Using only the entries below, copy exactly the lines that begin at the one with "this 1512×1344 image." and end at the one with "this 1440×1920 image.", both included. Drop the pictures.

◇ ◇ ◇

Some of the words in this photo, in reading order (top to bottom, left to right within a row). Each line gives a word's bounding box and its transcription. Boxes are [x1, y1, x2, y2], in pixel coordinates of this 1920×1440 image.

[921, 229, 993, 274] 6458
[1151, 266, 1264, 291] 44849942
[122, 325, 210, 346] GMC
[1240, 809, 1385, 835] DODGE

◇ ◇ ◇

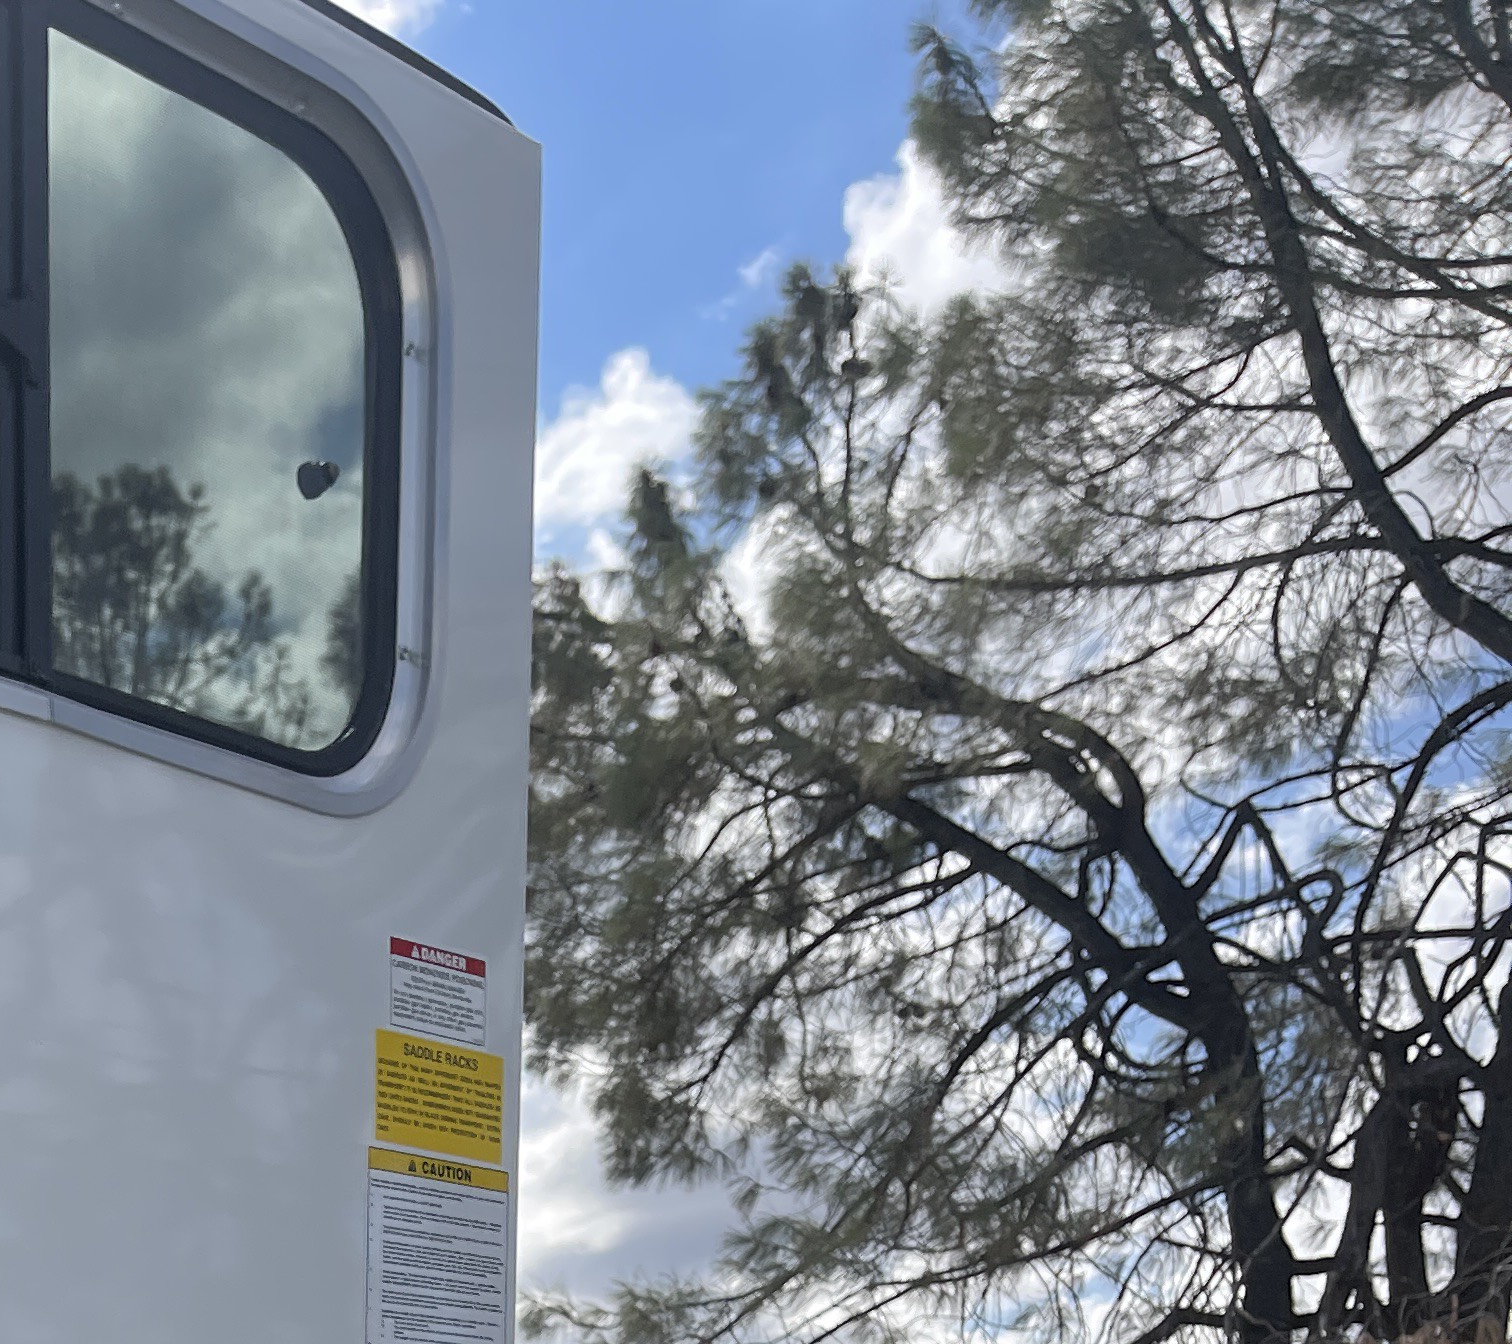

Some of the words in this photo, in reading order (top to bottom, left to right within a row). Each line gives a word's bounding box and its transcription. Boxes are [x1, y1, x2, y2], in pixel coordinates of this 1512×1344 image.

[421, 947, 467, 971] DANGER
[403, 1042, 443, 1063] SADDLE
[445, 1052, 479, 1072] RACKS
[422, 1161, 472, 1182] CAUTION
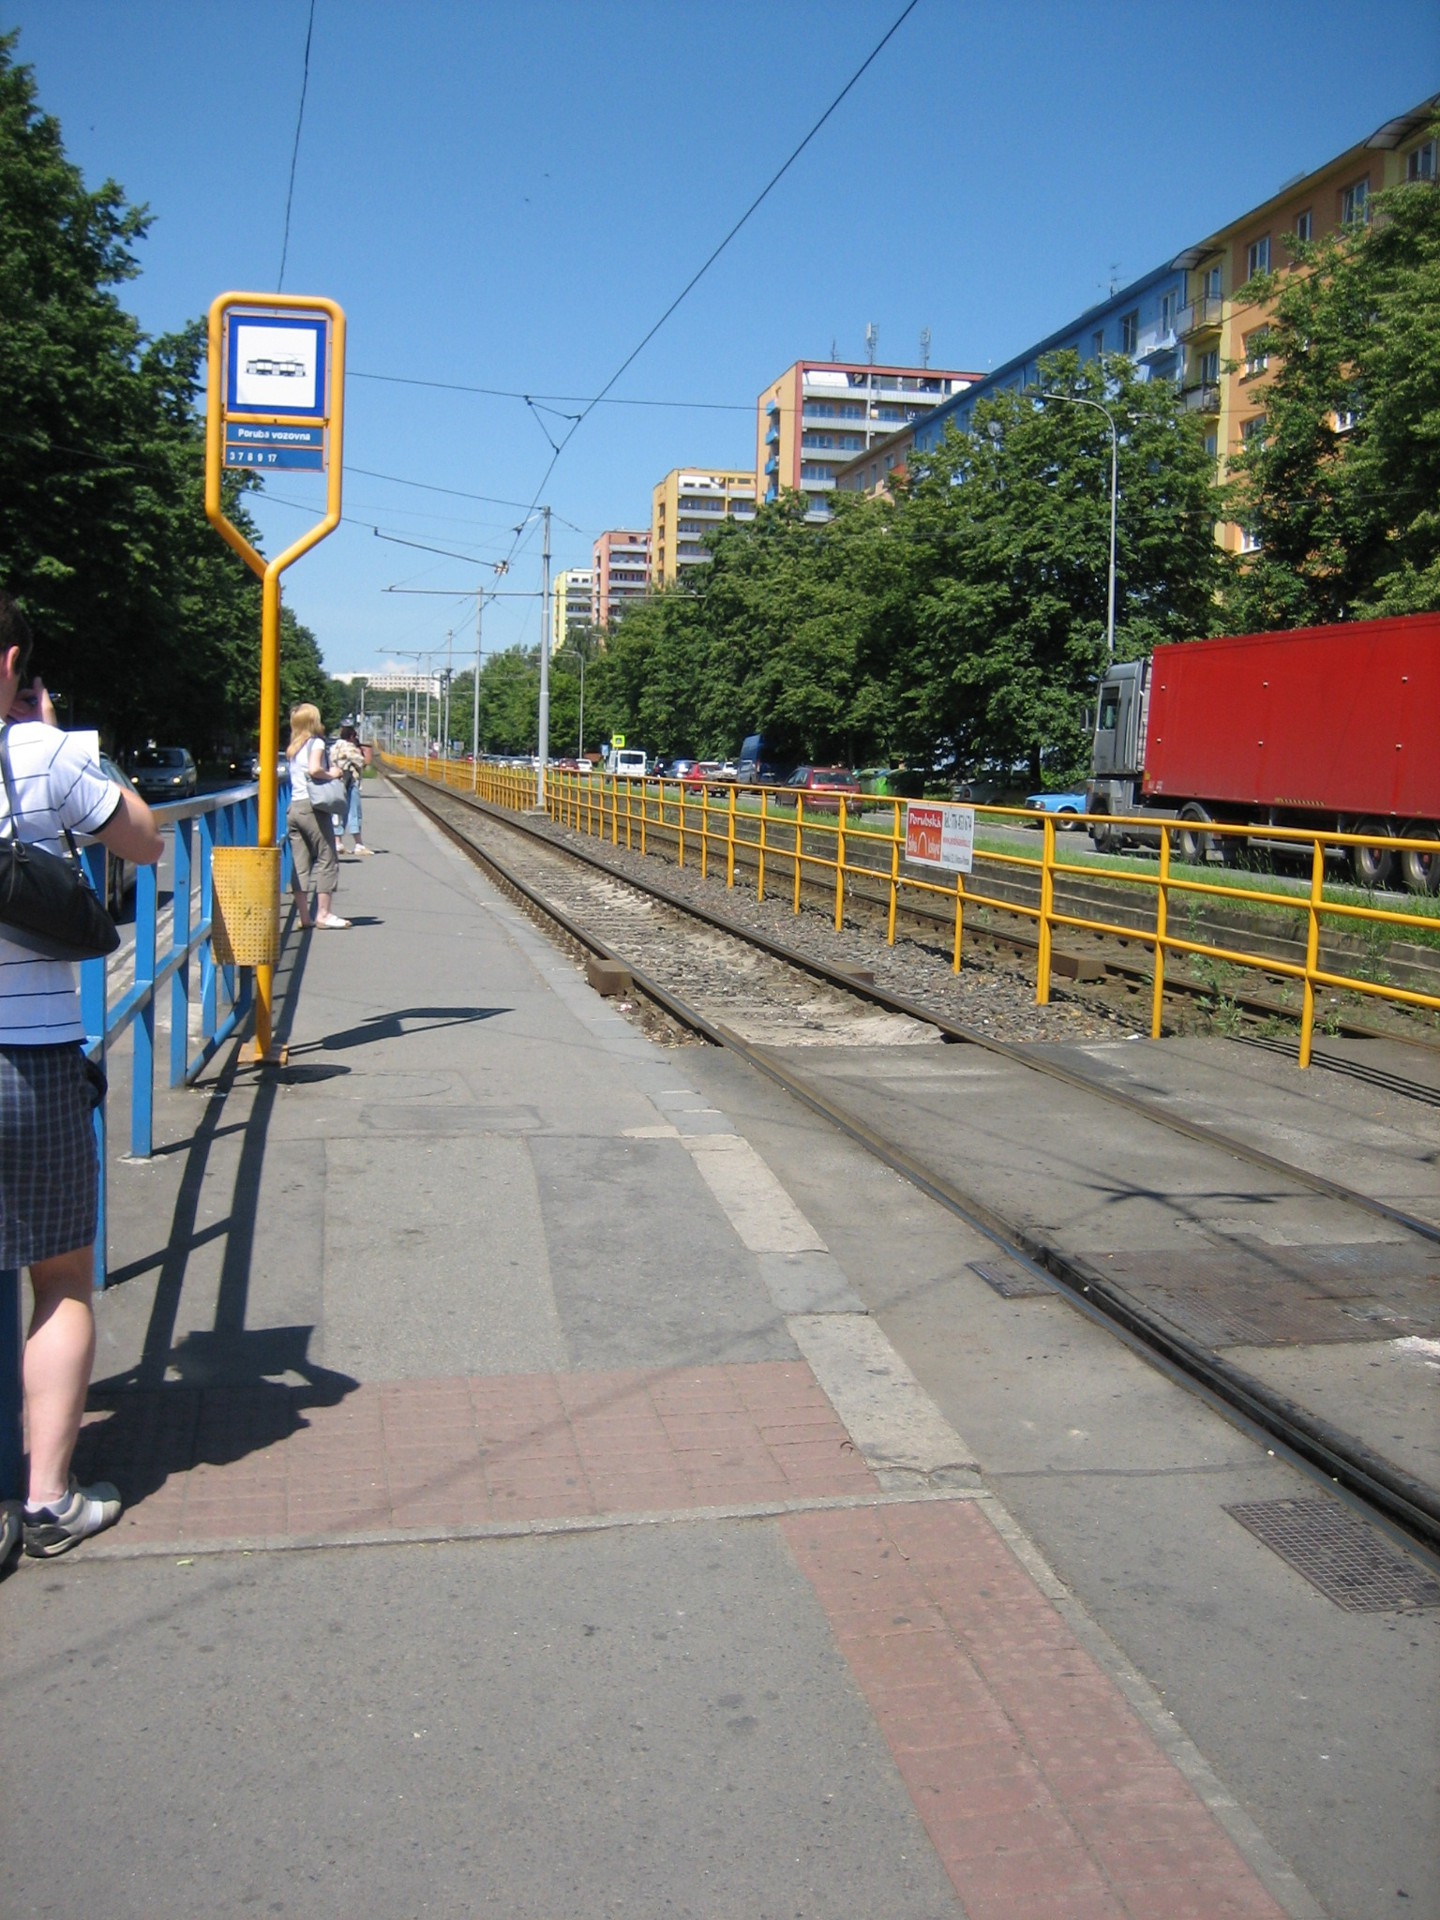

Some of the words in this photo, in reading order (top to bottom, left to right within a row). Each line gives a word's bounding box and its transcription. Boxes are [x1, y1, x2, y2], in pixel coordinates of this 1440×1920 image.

◇ ◇ ◇

> _Reply to the exercise_
Some of the words in this photo, in reading order (top to bottom, left to right within a row). Each line gives a word's bounding box and its transcription. Boxes are [x1, y1, x2, y2], in pixel coordinates of this 1512×1344 image.

[421, 947, 467, 971] DANGER
[403, 1042, 443, 1063] SADDLE
[445, 1052, 479, 1072] RACKS
[422, 1161, 472, 1182] CAUTION

Some of the words in this photo, in reading order (top to bottom, left to right within a row). Each line gives a word's bounding box and its transcription. Boxes are [x1, y1, x2, y2], in pixel coordinates of this 1440×1920 image.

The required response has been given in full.